Think tank cuts RP growth

Published by rudy Date posted on December 5, 2008

The Economist’s arm: Economic drivers weak
 
The Economist Intelligence Unit (EIU) said the Philippines’ economic growth is expected to slow sharply in 2009 because of the deepening global financial crisis. EIU is “the world’s foremost provider of country, industry and management analysis.”

Its forecast—a downgrade to 1.8 percent from 2.3 percent—was less upbeat than the latest one from Fitch Ratings Inc.

On Wednesday, Fitch said that for 2009, the country’s economic growth based on gross domestic product (GDP) is seen to be at its lowest level—at 2.5 percent—since the Asian financial crisis in 1998 because of adverse effects of the worldwide meltdown. GDP is the total value of all goods and services produced in a country in a year.

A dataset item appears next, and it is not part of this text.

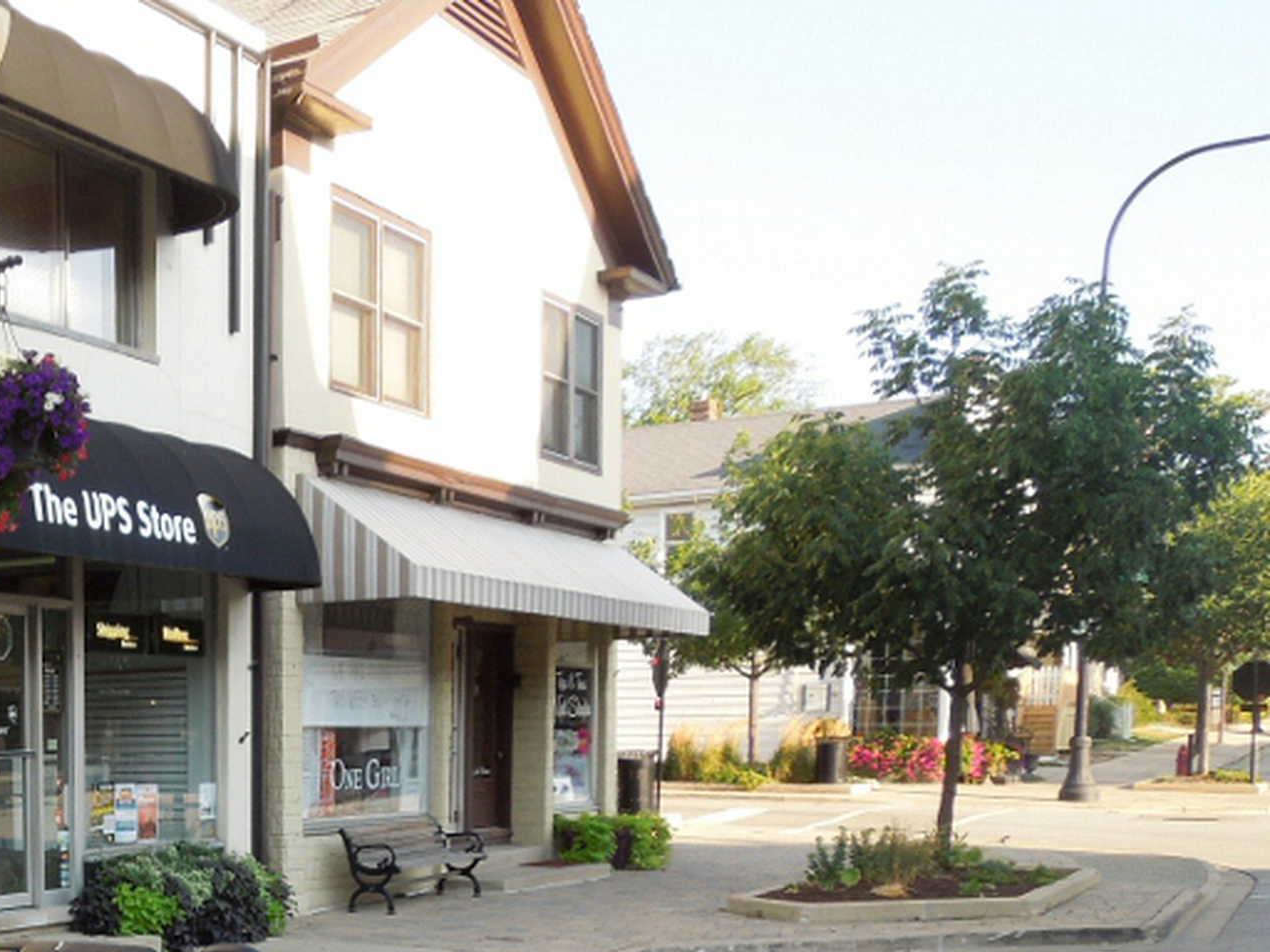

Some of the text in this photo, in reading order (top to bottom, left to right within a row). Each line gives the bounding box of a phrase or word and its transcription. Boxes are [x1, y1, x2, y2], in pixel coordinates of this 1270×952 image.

[29, 482, 198, 545] The UPS Store
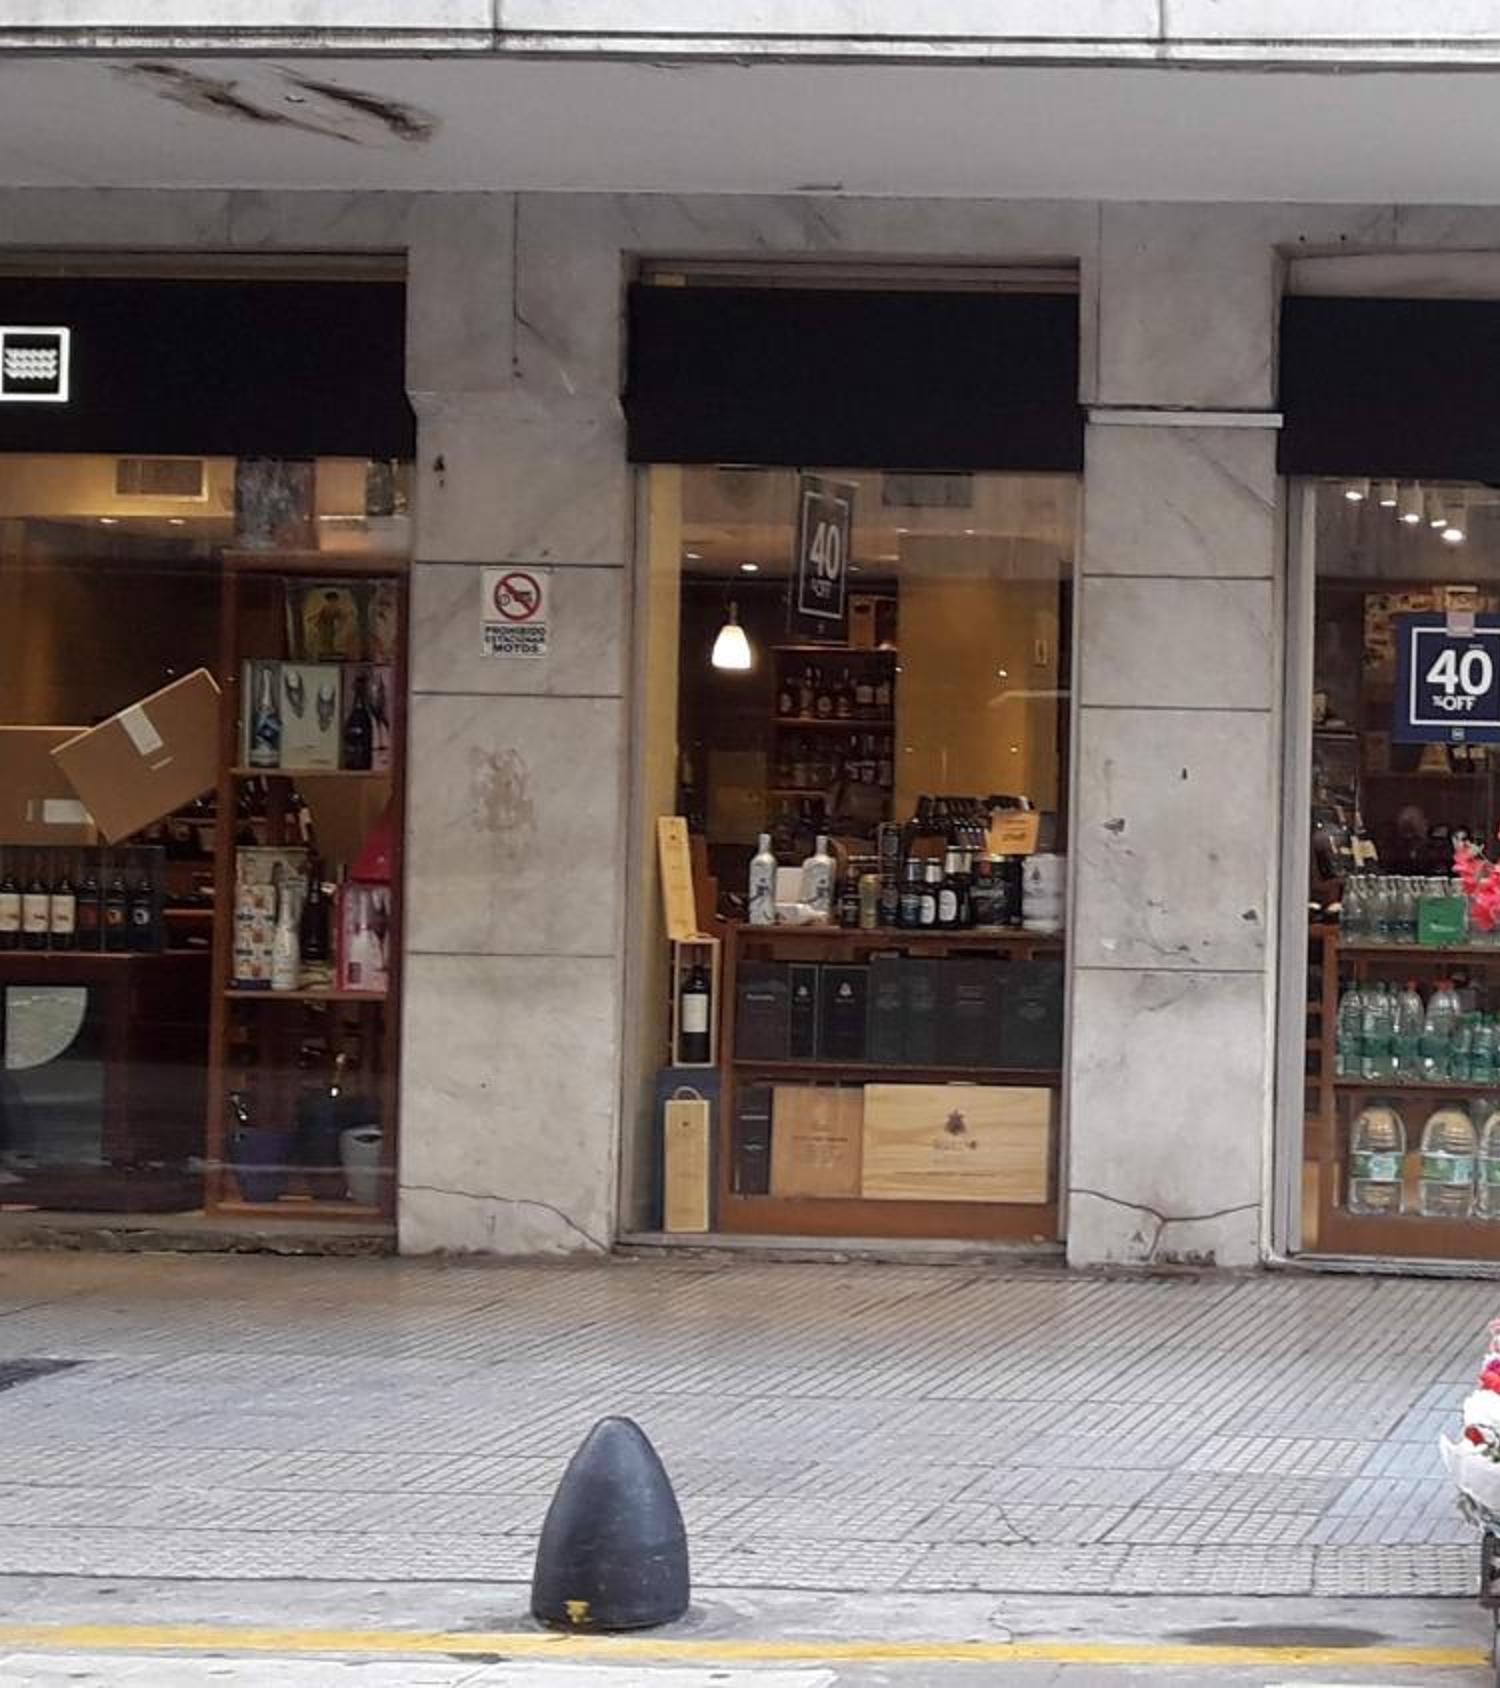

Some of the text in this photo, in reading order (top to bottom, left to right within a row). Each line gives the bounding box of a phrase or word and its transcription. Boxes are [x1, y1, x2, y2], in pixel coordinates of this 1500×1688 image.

In November 2008, the government’s economic managers downgraded the official economic growth forecasts for 2008 and 2009, even as President Gloria Arroyo gave assurances that measures were in place to cushion the Philippines from the US recession.

The Development Budget and Coordination Committee had revised the GDP growth target for 2009 to range between 3.7 percent and 4.7 percent—lower than an earlier target of between 6.1 percent and 7.1 percent.

Economic growth in the third quarter of 2008 at 4.6 percent was slightly “damaged” by the global financial crisis and high oil prices.

This was weaker compared to 7.1 percent during the same period in 2007, the National Statistical Coordination Board had reported.

In a recent comment, EIU said that it had downgraded its growth forecast for the Philippines’ GDP for 2009 to 1.8 percent from 2.3 percent as the major drivers of growth would weaken particularly exports, investments and remittances.

“Economic growth will slow sharply in 2009, when real GDP will expand by 1.8 percent, less than half of the 2008 level growth, which was estimated at 4.2 percent,” it said.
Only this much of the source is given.